Saved entries
========

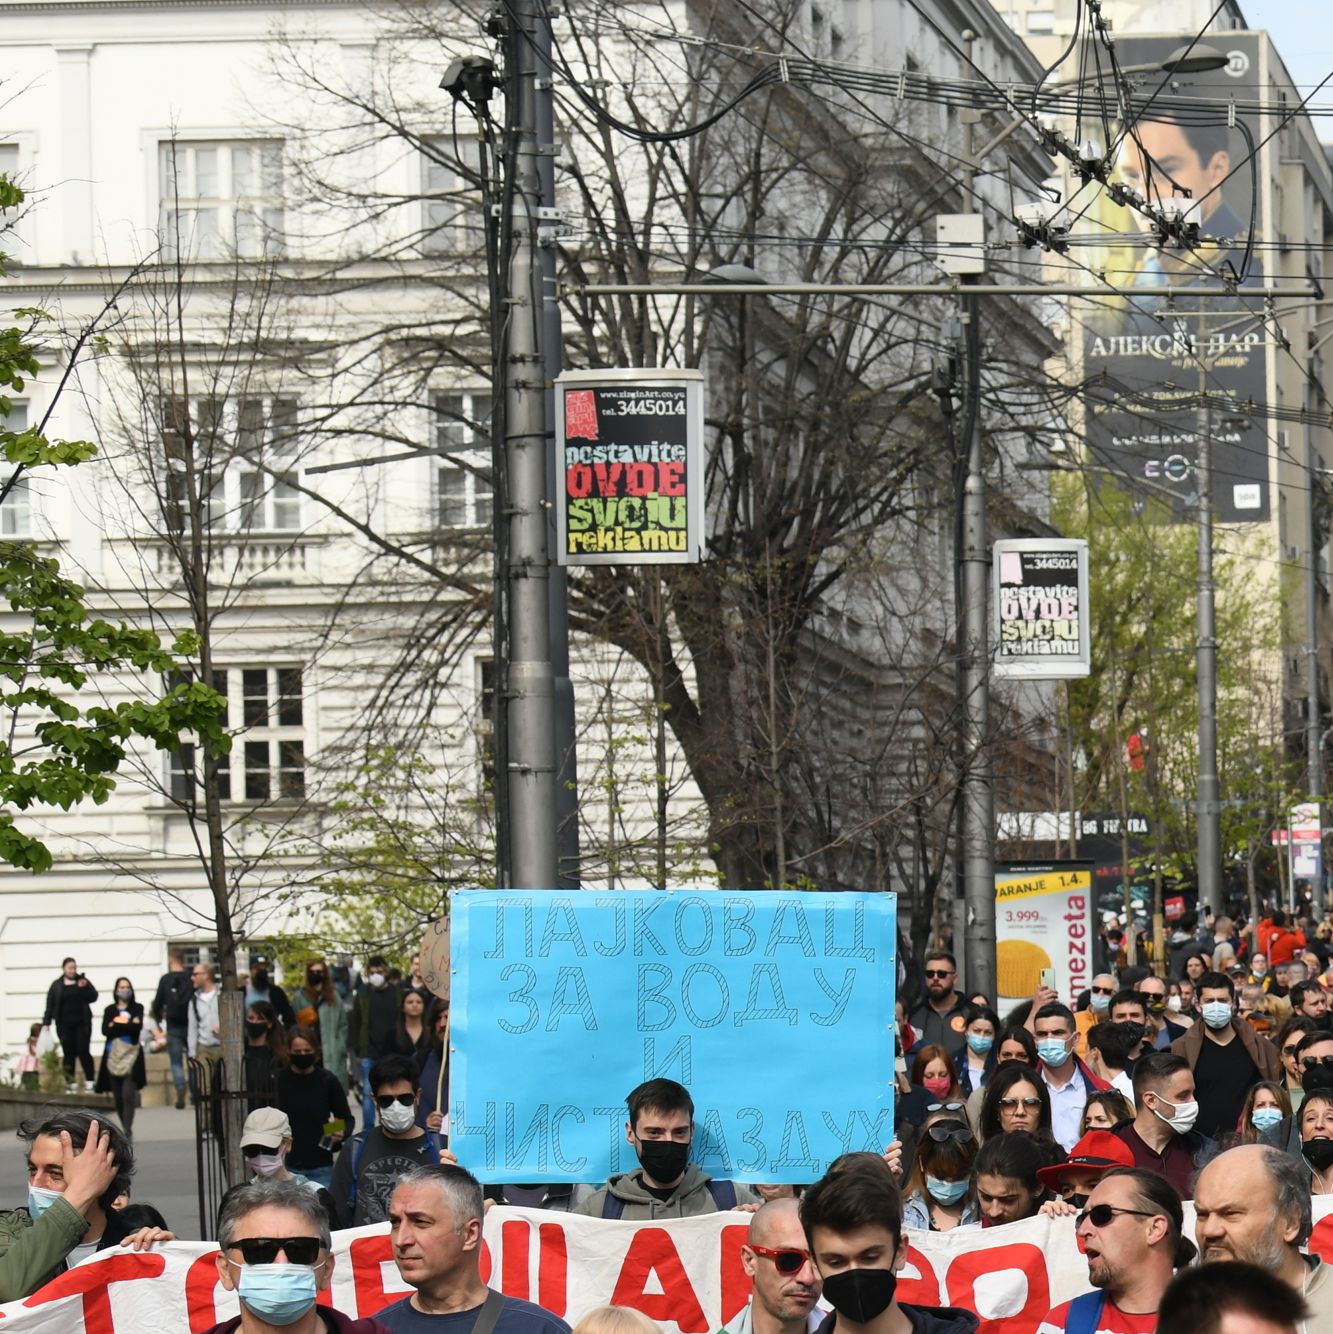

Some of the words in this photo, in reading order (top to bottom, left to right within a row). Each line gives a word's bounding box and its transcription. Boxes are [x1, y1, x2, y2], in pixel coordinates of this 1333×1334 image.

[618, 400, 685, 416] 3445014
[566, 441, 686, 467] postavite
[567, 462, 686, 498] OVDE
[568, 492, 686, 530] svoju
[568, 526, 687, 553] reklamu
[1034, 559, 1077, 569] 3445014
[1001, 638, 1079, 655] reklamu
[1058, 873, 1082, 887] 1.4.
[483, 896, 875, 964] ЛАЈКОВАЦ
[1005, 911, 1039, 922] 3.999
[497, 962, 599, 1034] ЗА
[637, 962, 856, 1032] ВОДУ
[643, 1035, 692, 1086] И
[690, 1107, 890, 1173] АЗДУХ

========

__WHAT THE TASK ASKS__. Your answer must be the records exactly as they stand, with no pictures in it.

__YOUR RESPONSE__.
Some of the words in this photo, in reading order (top to bottom, left to right within a row). Each line gives a word's bounding box and its transcription. Boxes are [x1, y1, x2, y2], in pixel coordinates of this 1333×1334 image.

[618, 400, 685, 416] 3445014
[566, 441, 686, 467] postavite
[567, 462, 686, 498] OVDE
[568, 492, 686, 530] svoju
[568, 526, 687, 553] reklamu
[1034, 559, 1077, 569] 3445014
[1001, 638, 1079, 655] reklamu
[1058, 873, 1082, 887] 1.4.
[483, 896, 875, 964] ЛАЈКОВАЦ
[1005, 911, 1039, 922] 3.999
[497, 962, 599, 1034] ЗА
[637, 962, 856, 1032] ВОДУ
[643, 1035, 692, 1086] И
[690, 1107, 890, 1173] АЗДУХ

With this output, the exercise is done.